>>
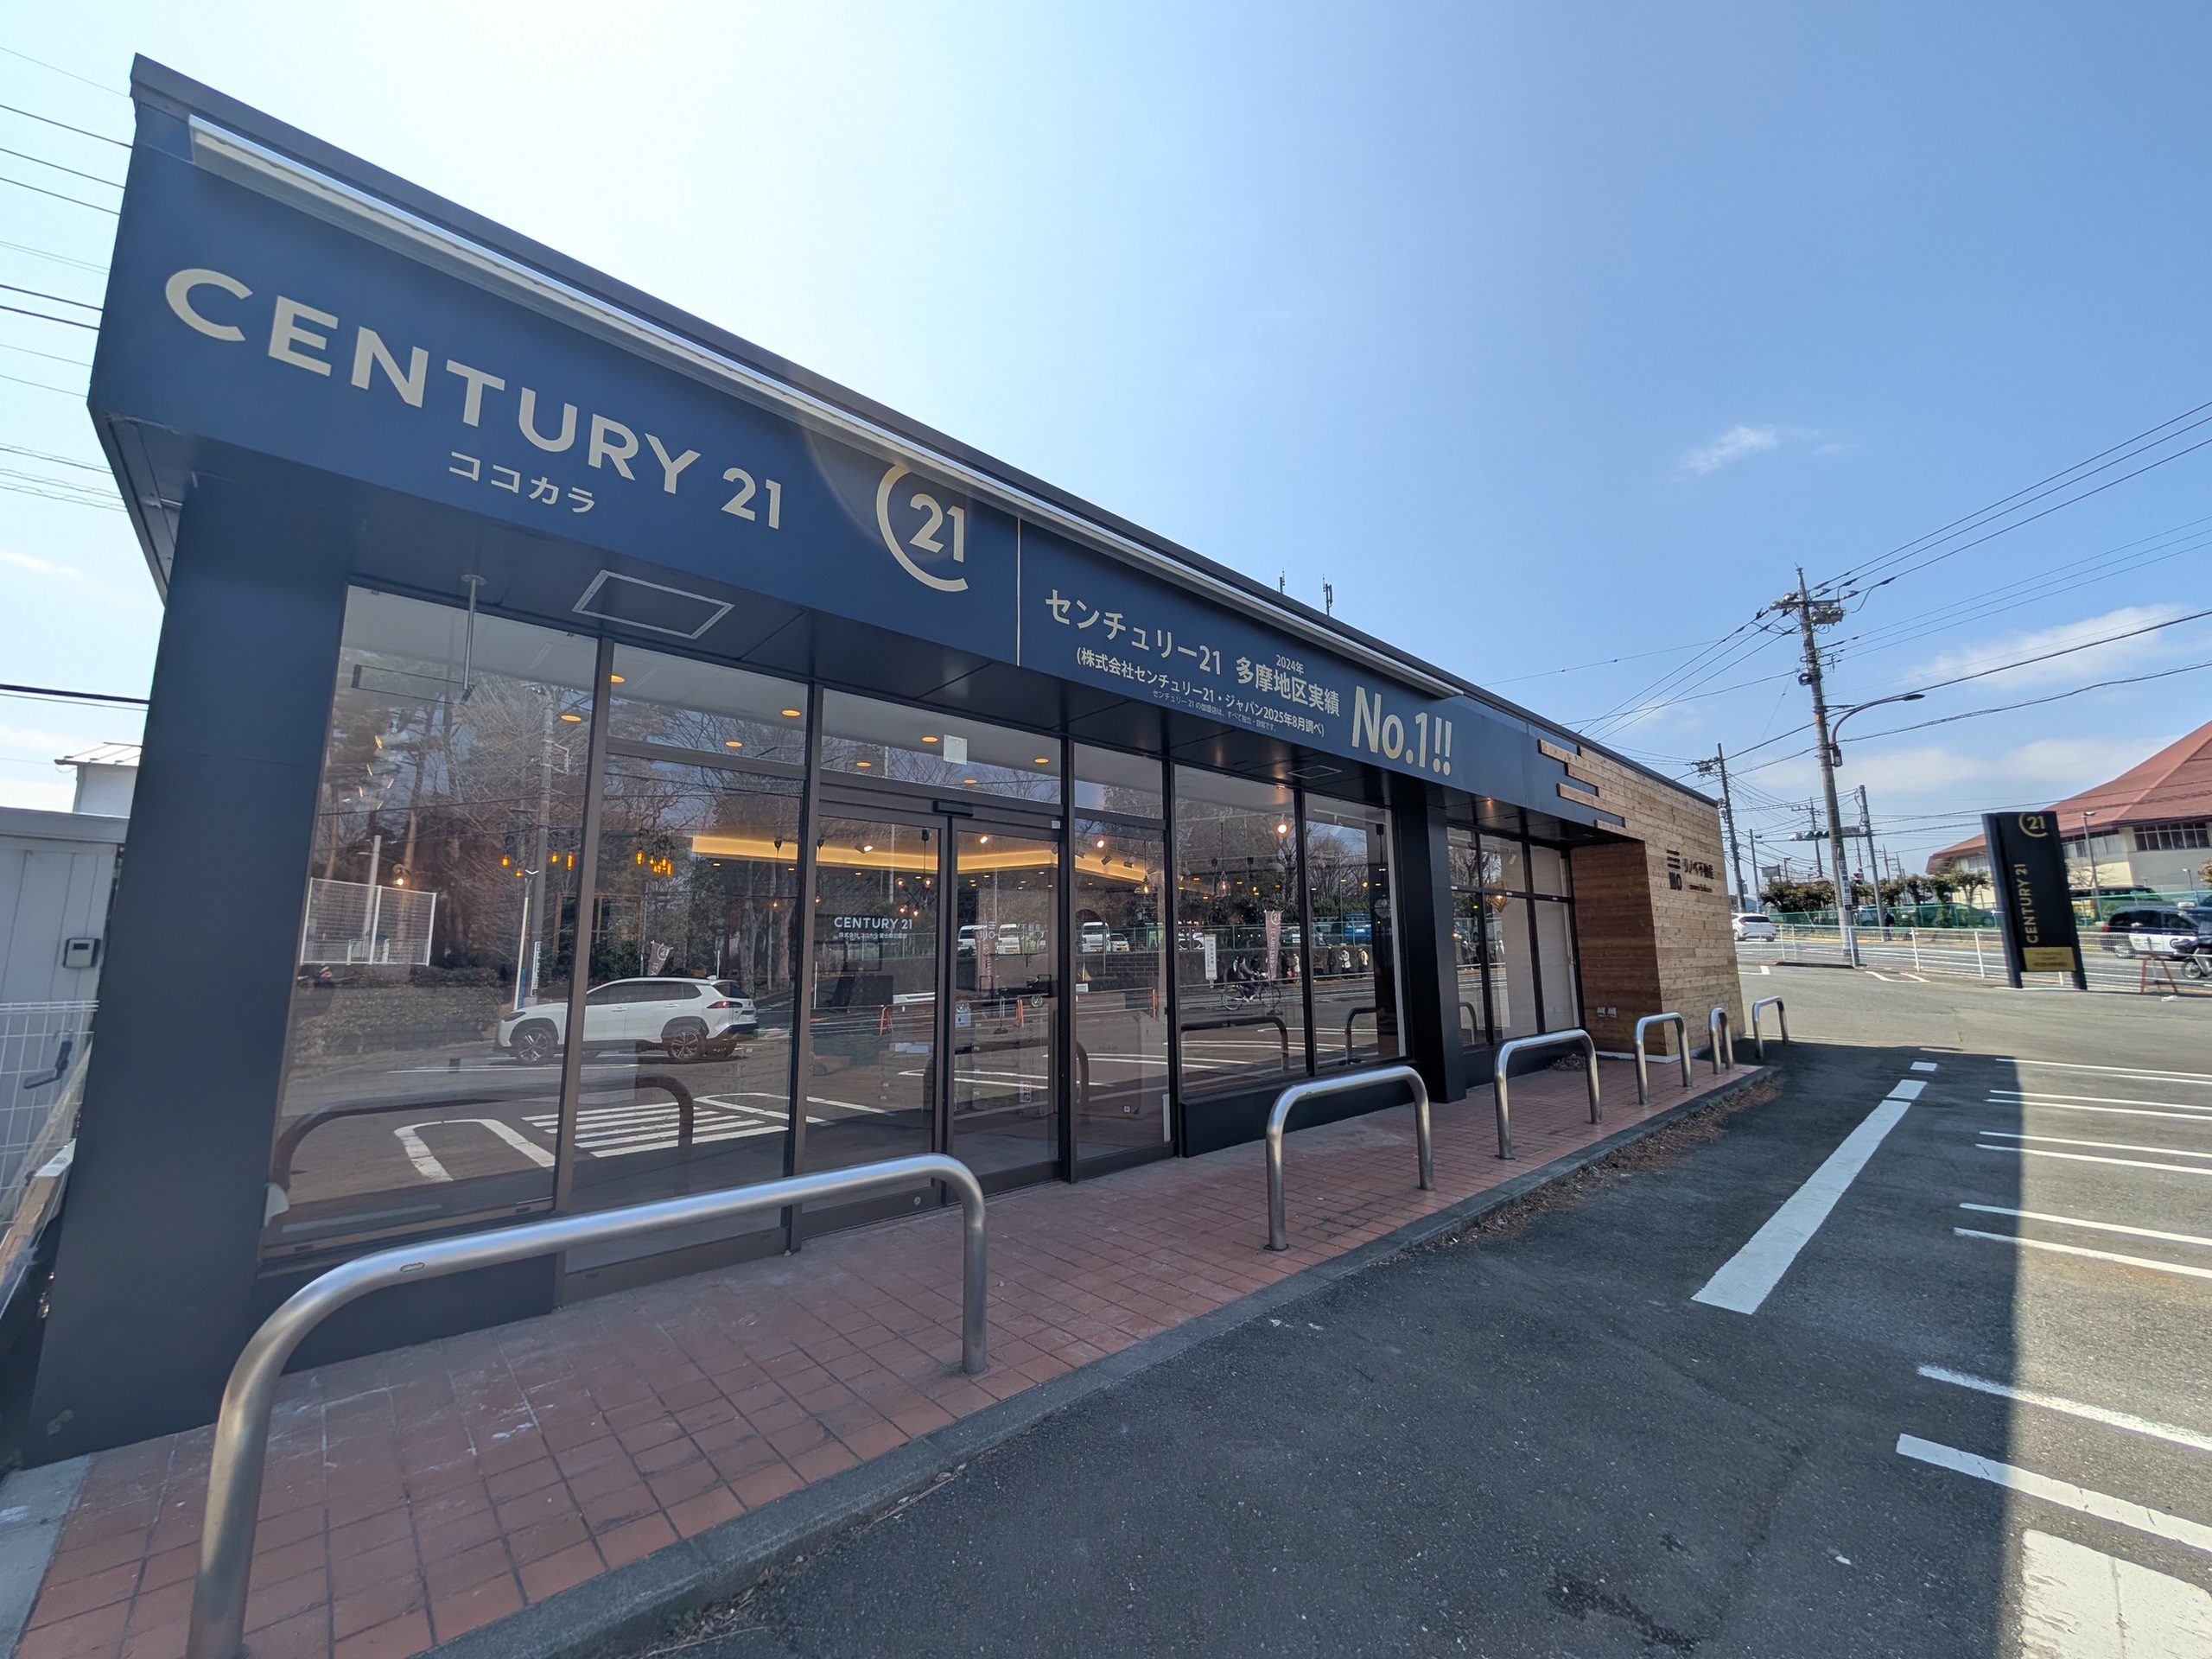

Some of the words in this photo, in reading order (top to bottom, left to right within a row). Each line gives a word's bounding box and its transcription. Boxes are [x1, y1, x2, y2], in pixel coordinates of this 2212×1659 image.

[165, 268, 701, 494] CENTURY
[721, 467, 781, 531] 21
[448, 451, 596, 514] ココカラ
[1045, 588, 1222, 676] センチュリー21
[1236, 656, 1340, 717] 多摩地区実績
[1351, 685, 1452, 776] No.1!!
[1275, 654, 1305, 676] 2024年
[2013, 863, 2029, 875] 21
[834, 916, 899, 930] CENTURY
[901, 918, 913, 930] 21
[2017, 880, 2039, 944] CENTURY
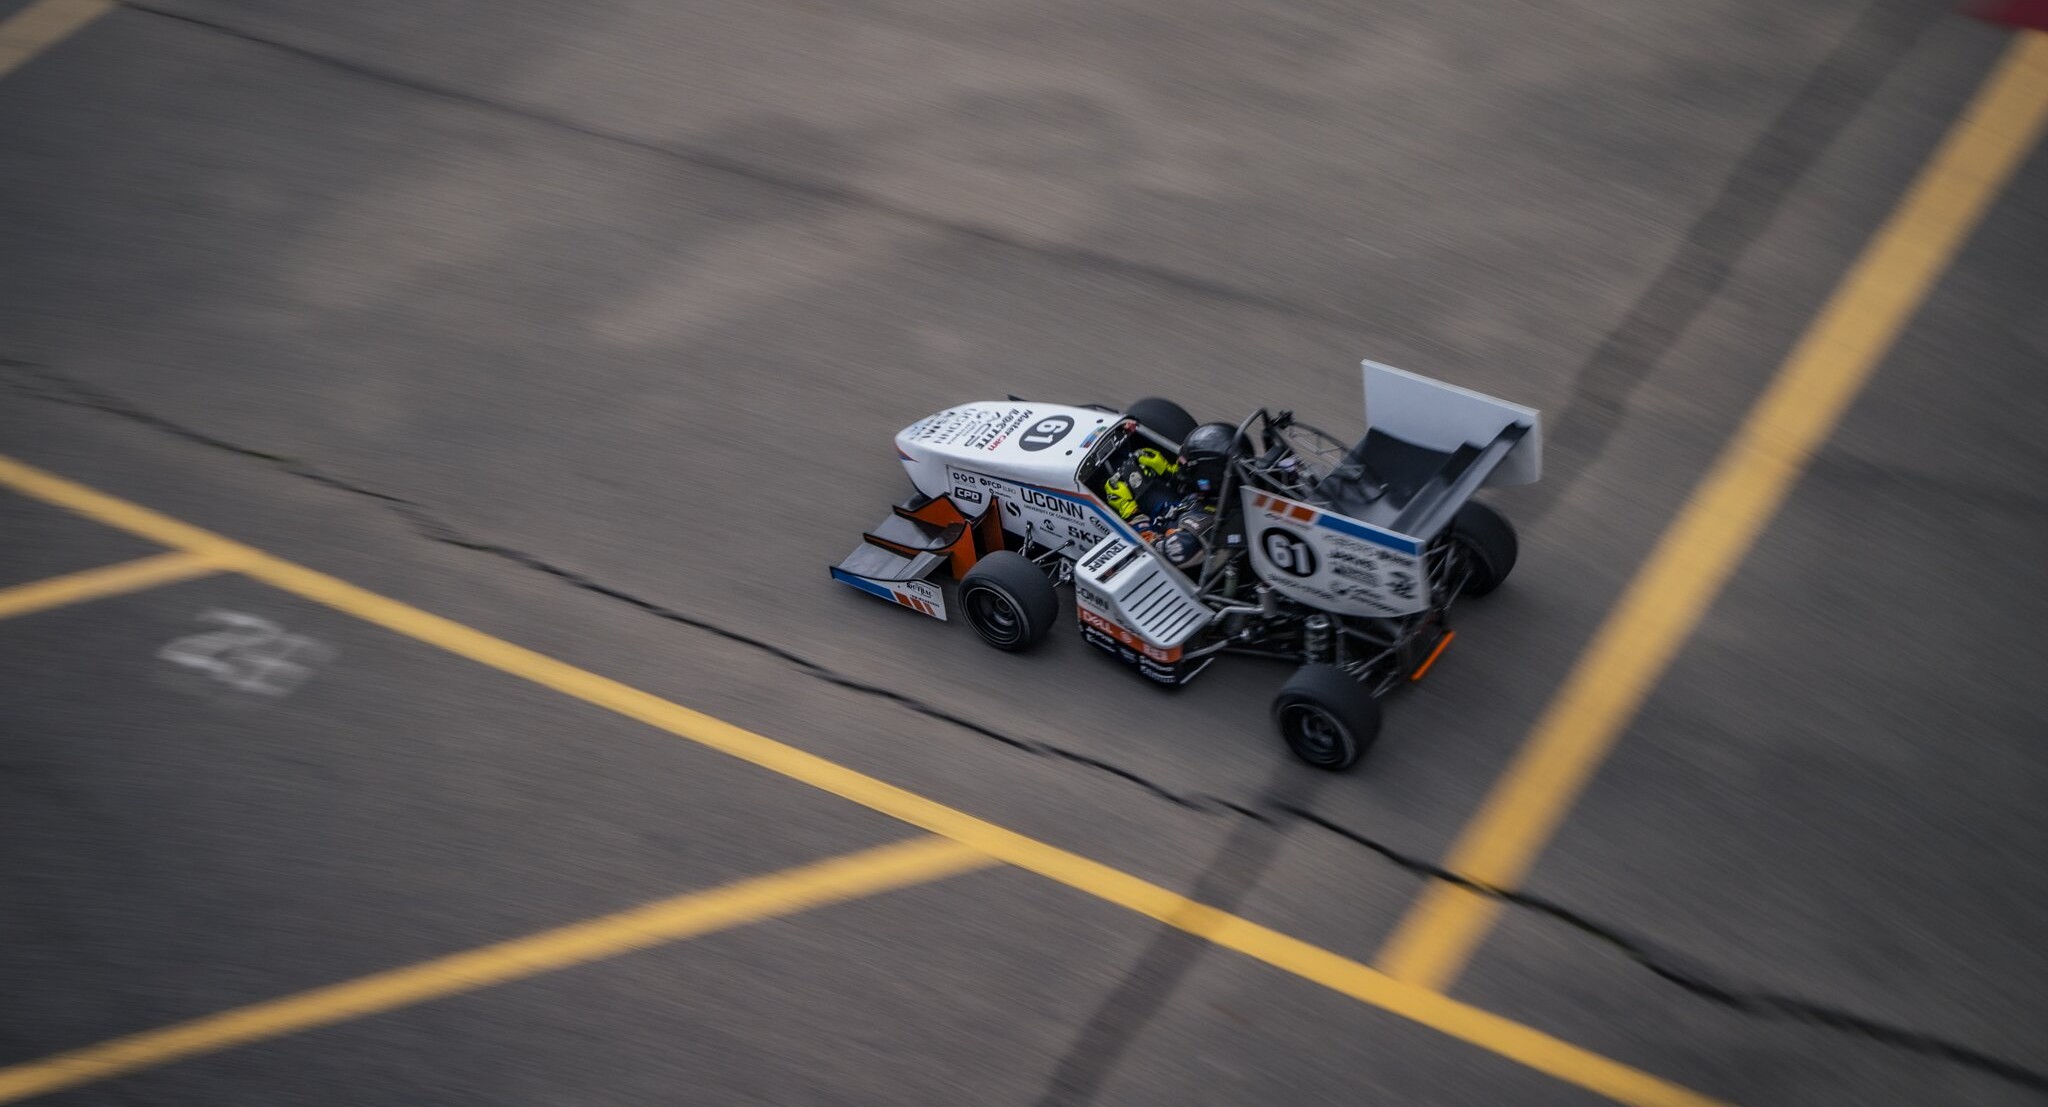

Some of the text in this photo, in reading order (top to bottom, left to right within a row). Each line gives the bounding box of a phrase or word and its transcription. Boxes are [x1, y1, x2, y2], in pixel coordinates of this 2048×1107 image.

[932, 408, 978, 444] UCONN
[975, 408, 1020, 450] LOCTITE
[1023, 418, 1063, 445] 61
[957, 490, 979, 501] CPD
[987, 480, 1002, 489] FCP
[1020, 487, 1084, 520] UCONN
[1088, 542, 1128, 573] TRUMPF
[1267, 534, 1312, 575] 61
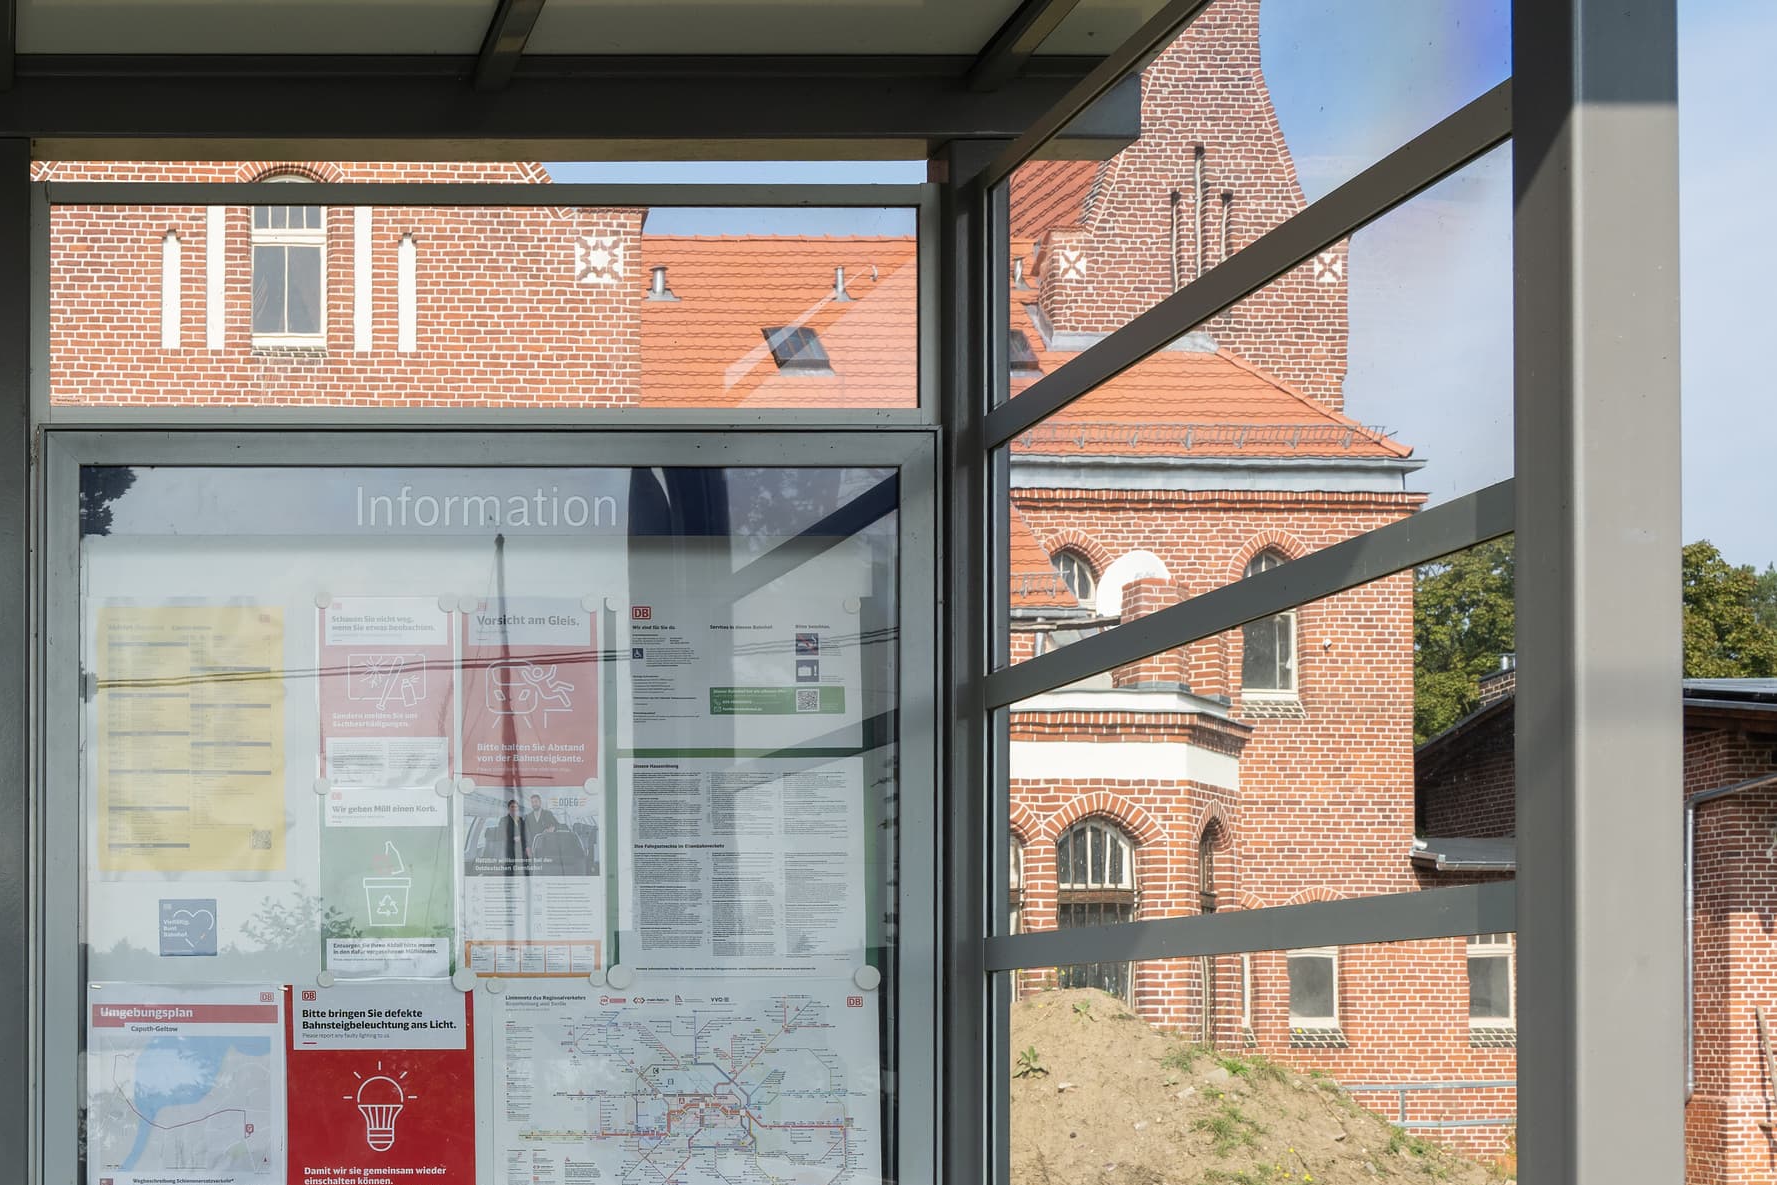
<<
Task description
Your answer should reproduce every line of the data verbatim and include no images.

Output
Some of the words in this photo, in reading order (top to bottom, left to right within a row). Each line gives a word's bounding box and its transcription. Boxes are [x1, y1, x2, y2], in pixel coordinates of this 2212×1659 image.

[165, 268, 701, 494] CENTURY
[721, 467, 781, 531] 21
[448, 451, 596, 514] ココカラ
[1045, 588, 1222, 676] センチュリー21
[1236, 656, 1340, 717] 多摩地区実績
[1351, 685, 1452, 776] No.1!!
[1275, 654, 1305, 676] 2024年
[2013, 863, 2029, 875] 21
[834, 916, 899, 930] CENTURY
[901, 918, 913, 930] 21
[2017, 880, 2039, 944] CENTURY

Some of the text in this photo, in reading order (top to bottom, left to right within a row). Each line gives the bounding box of a phrase or word and its transcription. Boxes are [x1, y1, x2, y2], in pixel coordinates of this 2048×1107 image.

[932, 408, 978, 444] UCONN
[975, 408, 1020, 450] LOCTITE
[1023, 418, 1063, 445] 61
[957, 490, 979, 501] CPD
[987, 480, 1002, 489] FCP
[1020, 487, 1084, 520] UCONN
[1088, 542, 1128, 573] TRUMPF
[1267, 534, 1312, 575] 61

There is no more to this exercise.